_YOUR INSTRUCTIONS_
An unchanged copy of all the lines below is expected, and it should contain no pictures.

_Dataset entries_
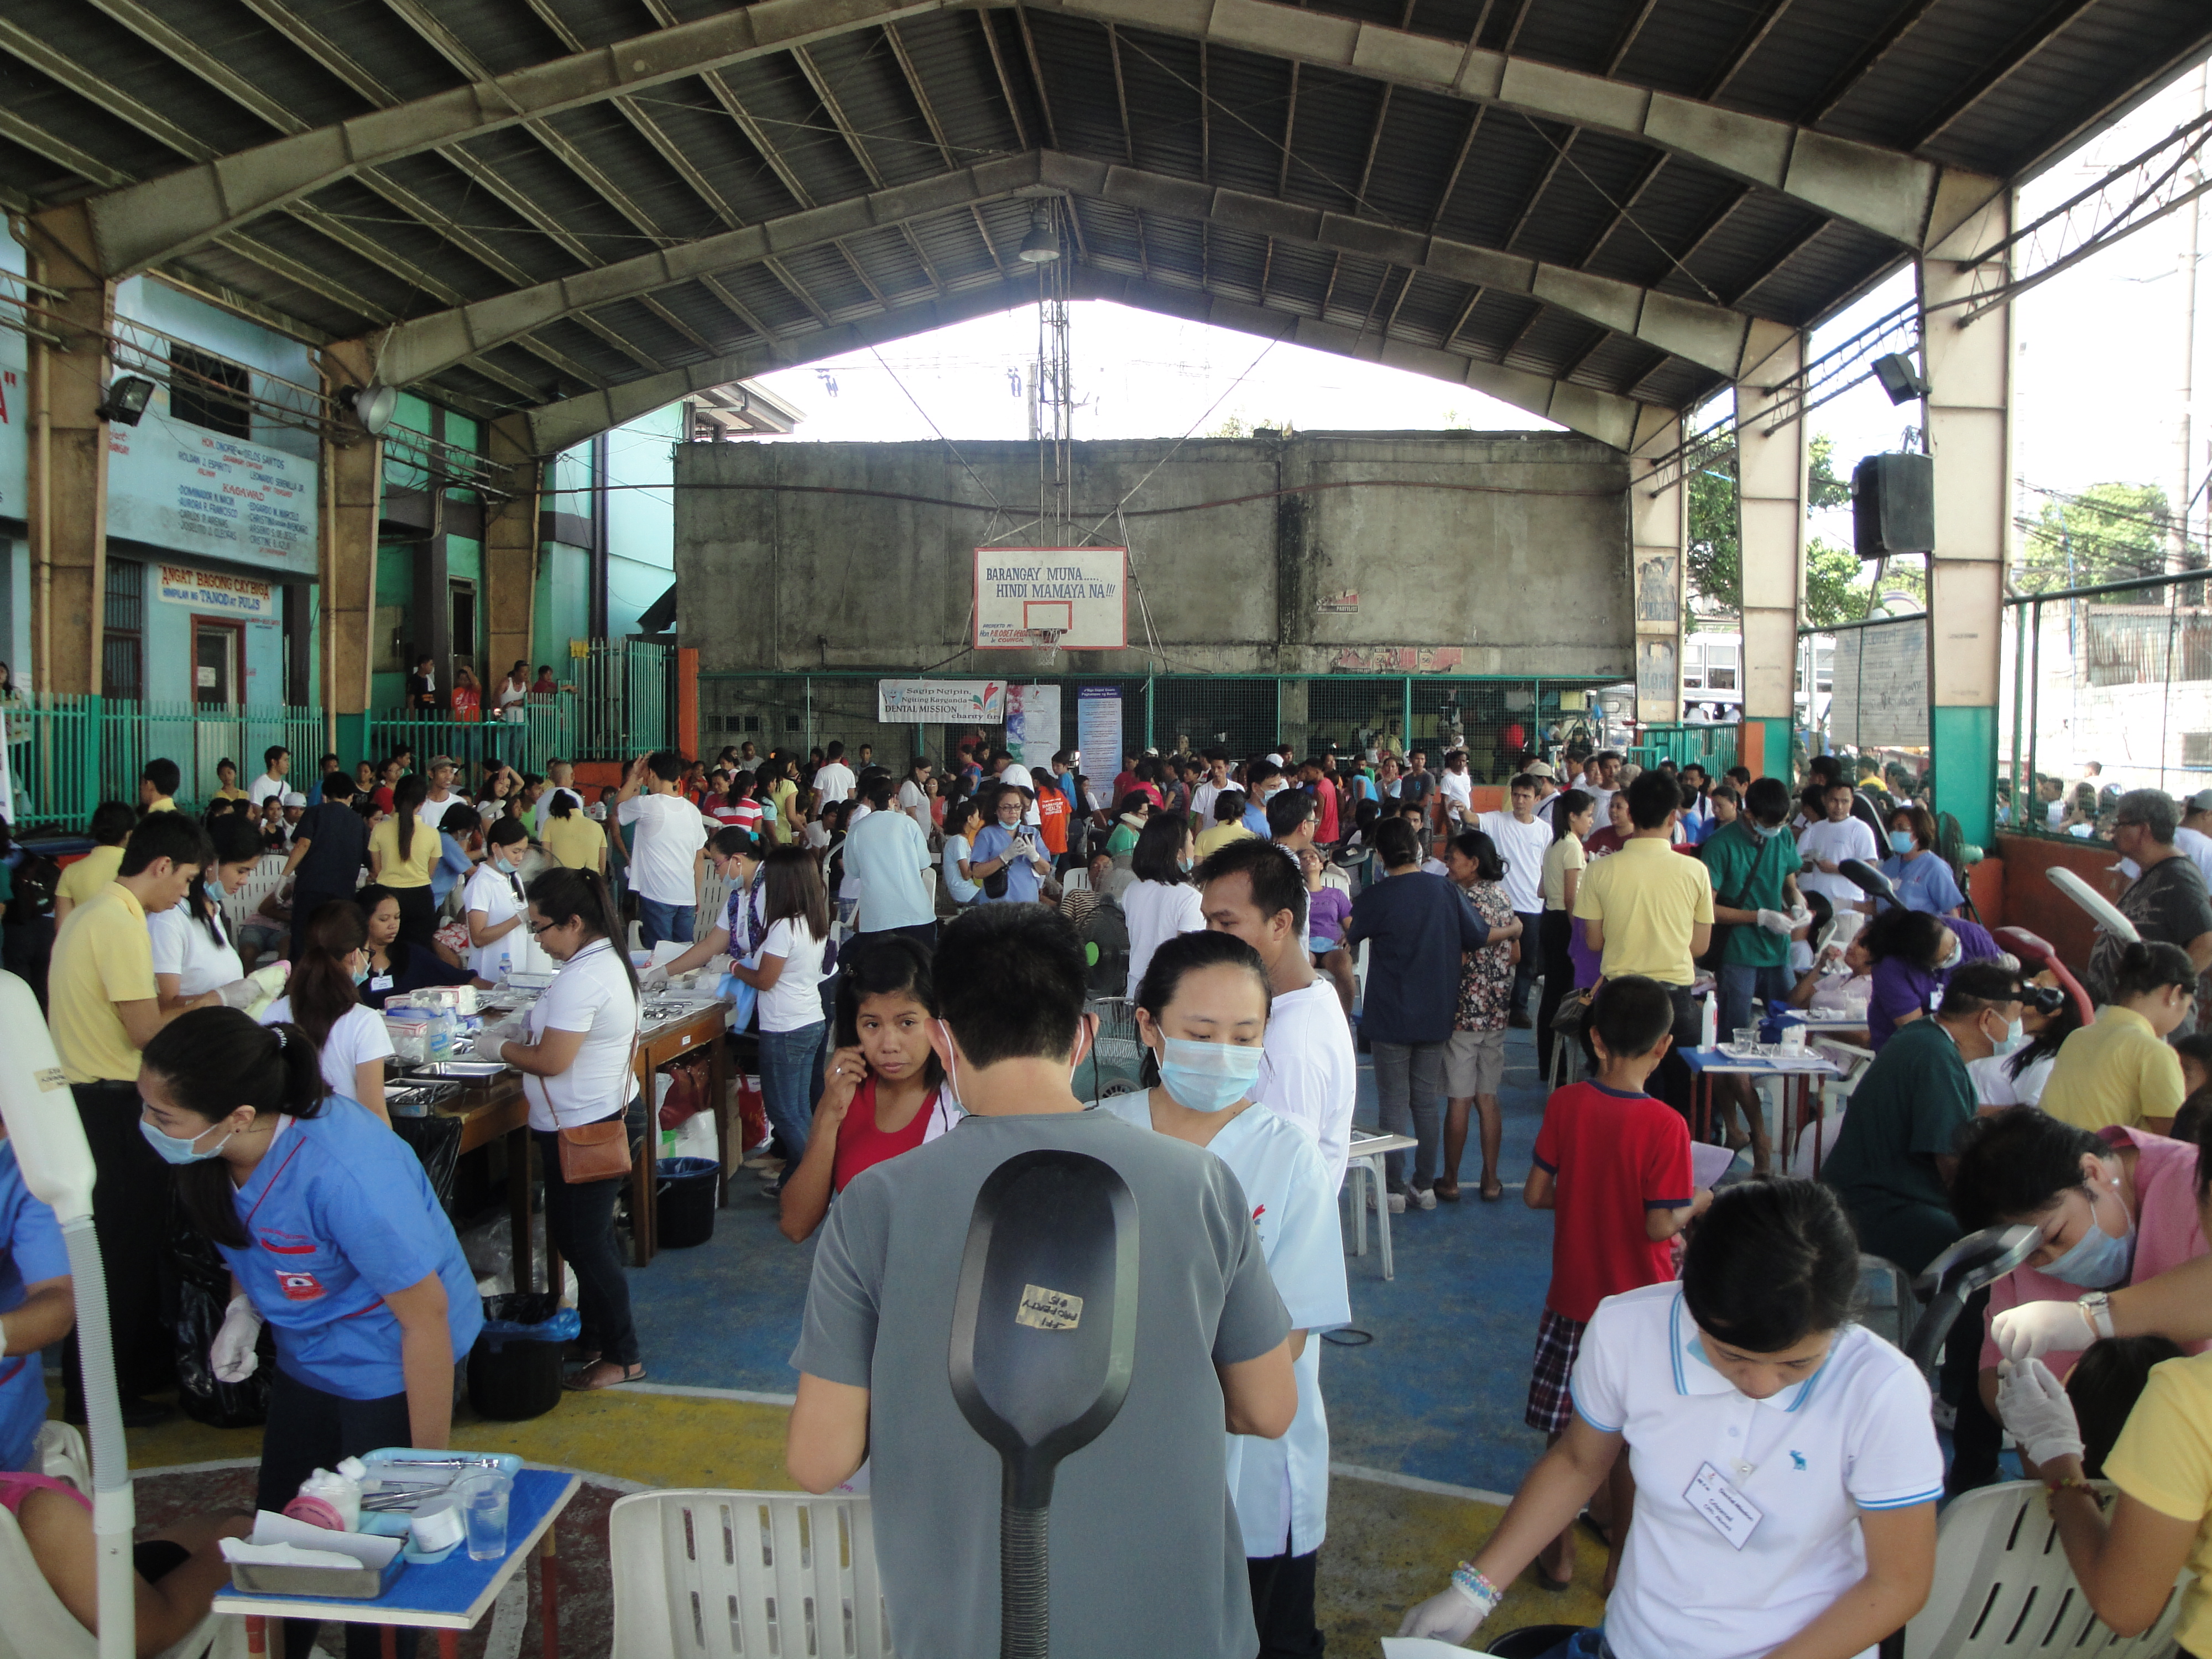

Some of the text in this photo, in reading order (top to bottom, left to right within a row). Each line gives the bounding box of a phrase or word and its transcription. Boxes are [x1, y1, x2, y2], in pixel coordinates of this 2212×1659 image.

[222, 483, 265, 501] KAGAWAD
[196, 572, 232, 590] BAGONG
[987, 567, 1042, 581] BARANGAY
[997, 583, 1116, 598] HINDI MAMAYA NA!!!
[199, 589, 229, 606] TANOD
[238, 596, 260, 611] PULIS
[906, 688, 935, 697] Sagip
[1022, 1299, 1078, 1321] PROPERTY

_WRITTEN ANSWER_
Some of the text in this photo, in reading order (top to bottom, left to right within a row). Each line gives the bounding box of a phrase or word and its transcription. Boxes are [x1, y1, x2, y2], in pixel coordinates of this 2212×1659 image.

[222, 483, 265, 501] KAGAWAD
[196, 572, 232, 590] BAGONG
[987, 567, 1042, 581] BARANGAY
[997, 583, 1116, 598] HINDI MAMAYA NA!!!
[199, 589, 229, 606] TANOD
[238, 596, 260, 611] PULIS
[906, 688, 935, 697] Sagip
[1022, 1299, 1078, 1321] PROPERTY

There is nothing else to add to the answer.